- WORK REQUEST: Your copy of the listing should match it exactly, only without pictures.

- ENTRIES SUPPLIED:
::::
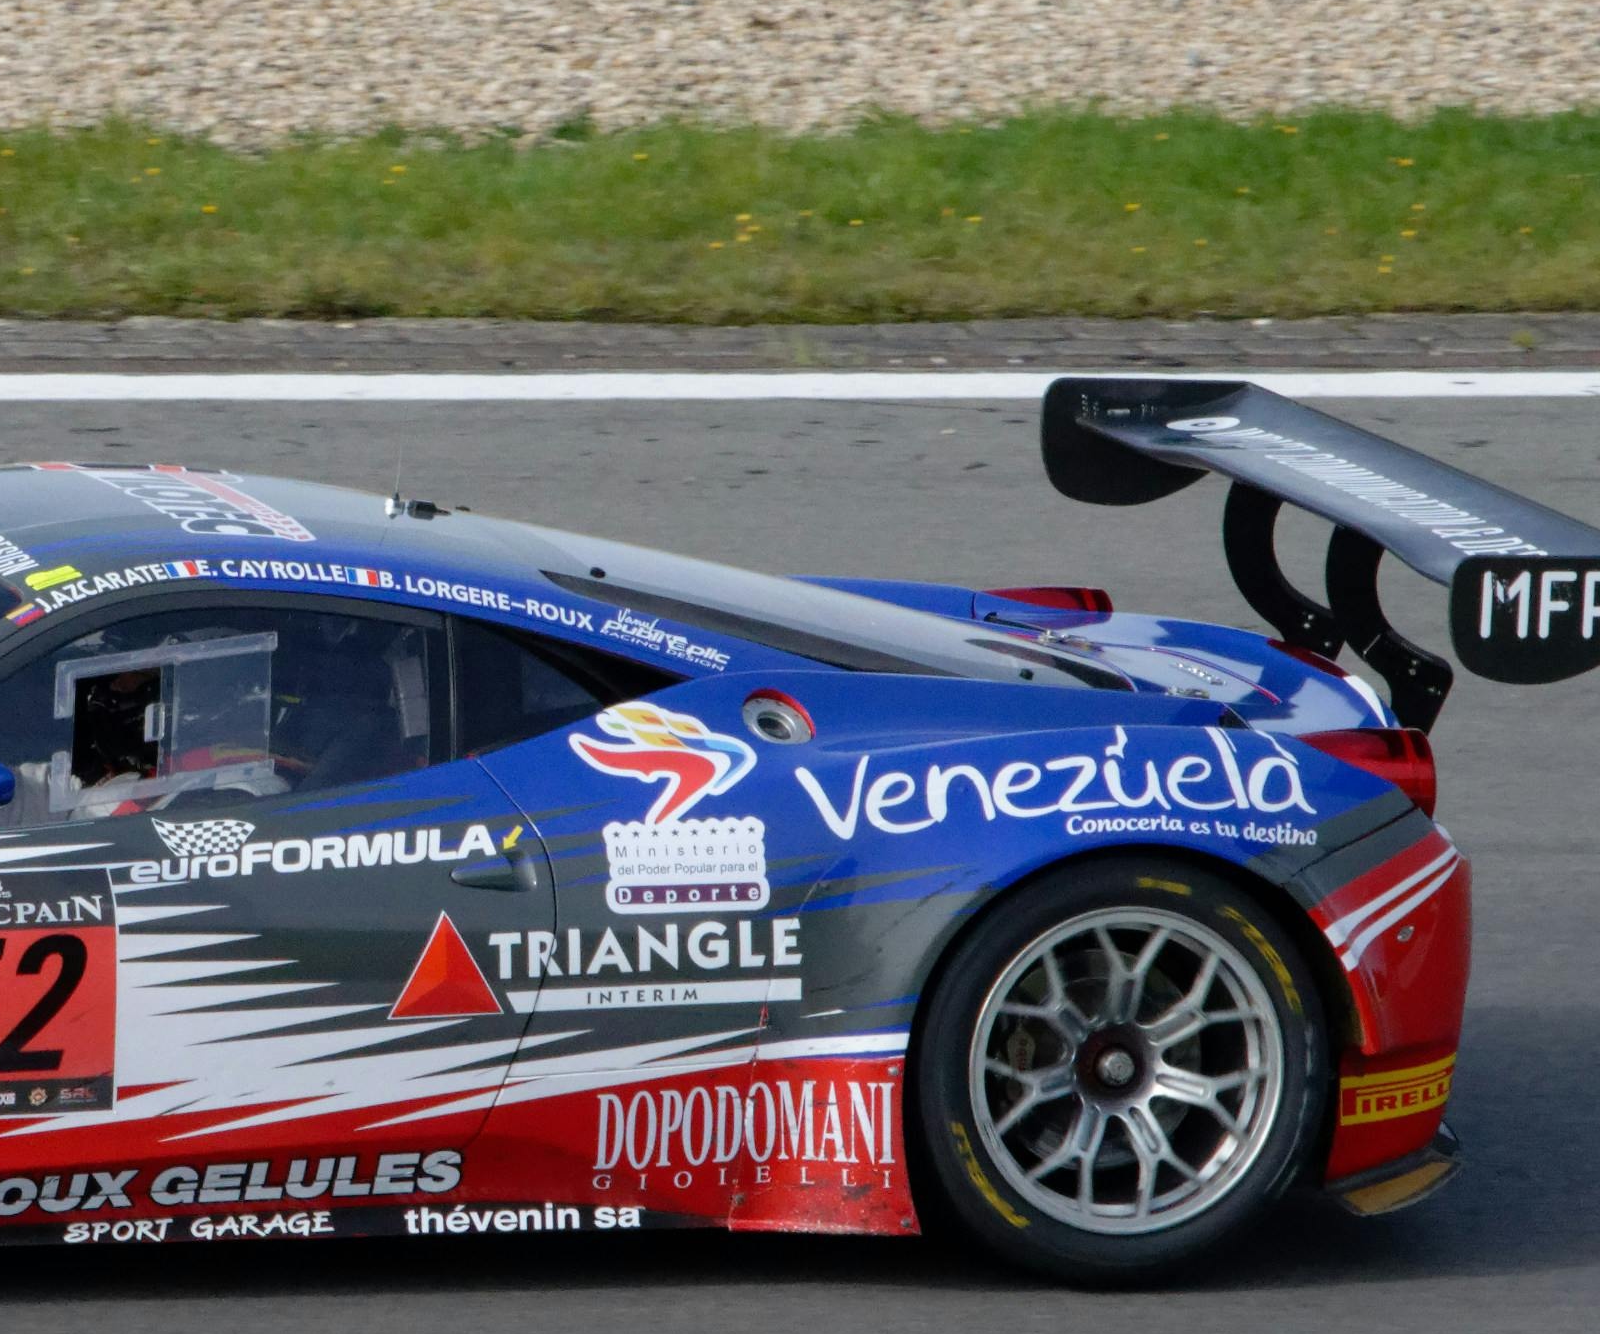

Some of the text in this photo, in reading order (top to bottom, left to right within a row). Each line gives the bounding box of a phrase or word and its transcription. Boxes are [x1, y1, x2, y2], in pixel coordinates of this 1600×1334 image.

[198, 560, 218, 577] E.
[221, 560, 348, 582] CAYROLLE
[379, 571, 401, 590] B.
[1066, 814, 1317, 846] Conocerla es tu destino
[129, 825, 497, 884] euroFORMULA
[615, 844, 757, 858] Ministerio
[618, 861, 759, 876] del Poder Popular para el
[617, 884, 760, 905] Deporte
[488, 918, 803, 979] TRIANGLE
[587, 988, 699, 1005] INTERIM
[593, 1080, 895, 1170] DOPODOMANI
[150, 1149, 465, 1208] GELULES
[593, 1166, 892, 1190] GIOIELLI
[63, 1210, 335, 1244] SPORT GARAGE
[404, 1201, 643, 1236] thévenin sa
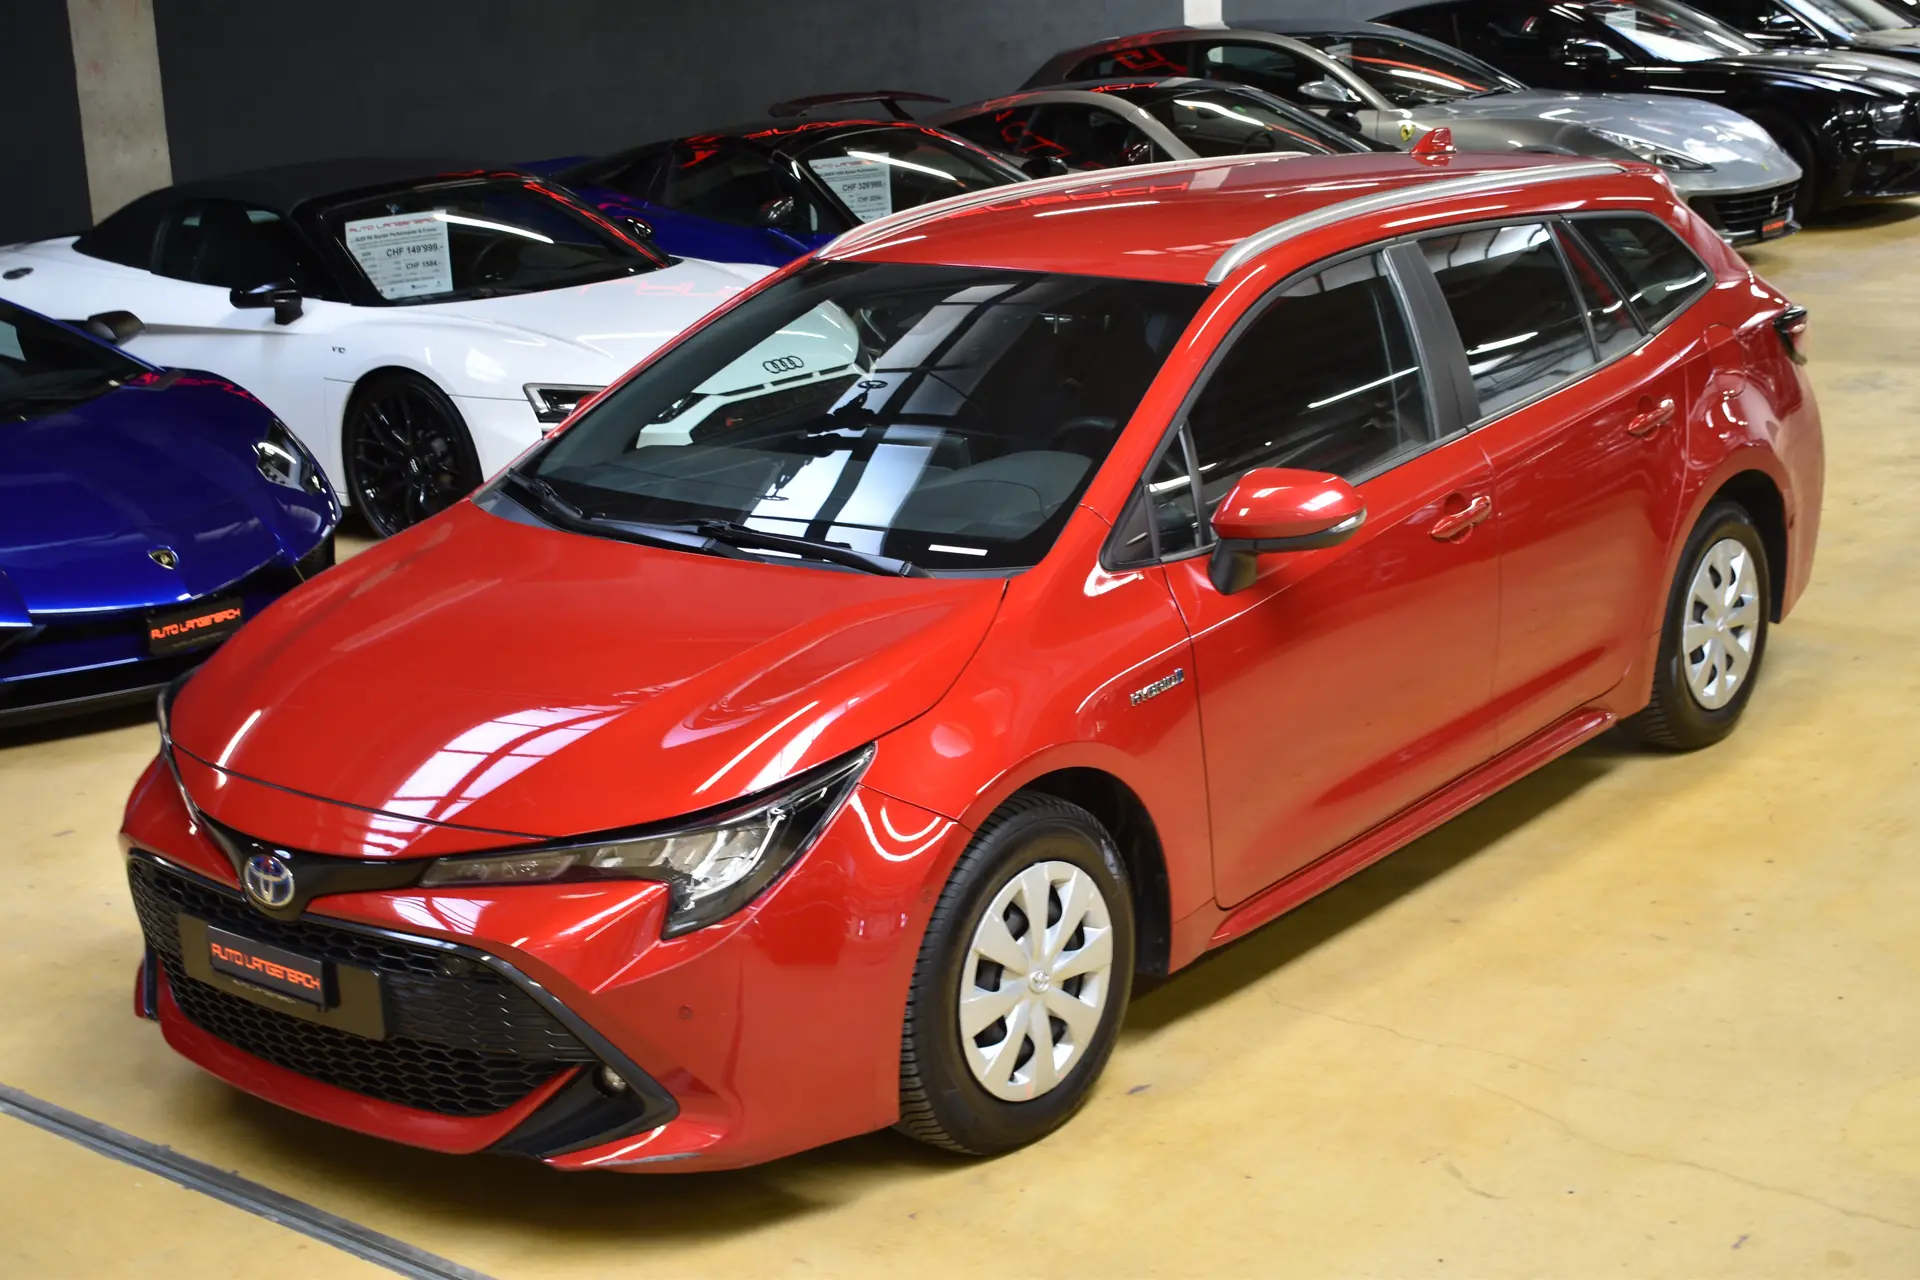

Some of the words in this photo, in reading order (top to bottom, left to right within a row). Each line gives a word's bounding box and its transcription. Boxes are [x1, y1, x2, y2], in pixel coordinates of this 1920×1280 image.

[842, 183, 857, 191] CHF
[386, 247, 404, 257] CHF
[406, 261, 420, 270] CHF
[151, 623, 179, 640] AUTO
[1130, 670, 1181, 707] HYBRID
[211, 942, 244, 966] AUTO
[244, 954, 321, 992] LANGENBACH
::::
- EXPECTED ANSWER:
Some of the text in this photo, in reading order (top to bottom, left to right within a row). Each line gives the bounding box of a phrase or word and its transcription. Boxes are [x1, y1, x2, y2], in pixel coordinates of this 1600×1334 image.

[198, 560, 218, 577] E.
[221, 560, 348, 582] CAYROLLE
[379, 571, 401, 590] B.
[1066, 814, 1317, 846] Conocerla es tu destino
[129, 825, 497, 884] euroFORMULA
[615, 844, 757, 858] Ministerio
[618, 861, 759, 876] del Poder Popular para el
[617, 884, 760, 905] Deporte
[488, 918, 803, 979] TRIANGLE
[587, 988, 699, 1005] INTERIM
[593, 1080, 895, 1170] DOPODOMANI
[150, 1149, 465, 1208] GELULES
[593, 1166, 892, 1190] GIOIELLI
[63, 1210, 335, 1244] SPORT GARAGE
[404, 1201, 643, 1236] thévenin sa

Some of the words in this photo, in reading order (top to bottom, left to right within a row). Each line gives a word's bounding box and its transcription. Boxes are [x1, y1, x2, y2], in pixel coordinates of this 1920×1280 image.

[842, 183, 857, 191] CHF
[386, 247, 404, 257] CHF
[406, 261, 420, 270] CHF
[151, 623, 179, 640] AUTO
[1130, 670, 1181, 707] HYBRID
[211, 942, 244, 966] AUTO
[244, 954, 321, 992] LANGENBACH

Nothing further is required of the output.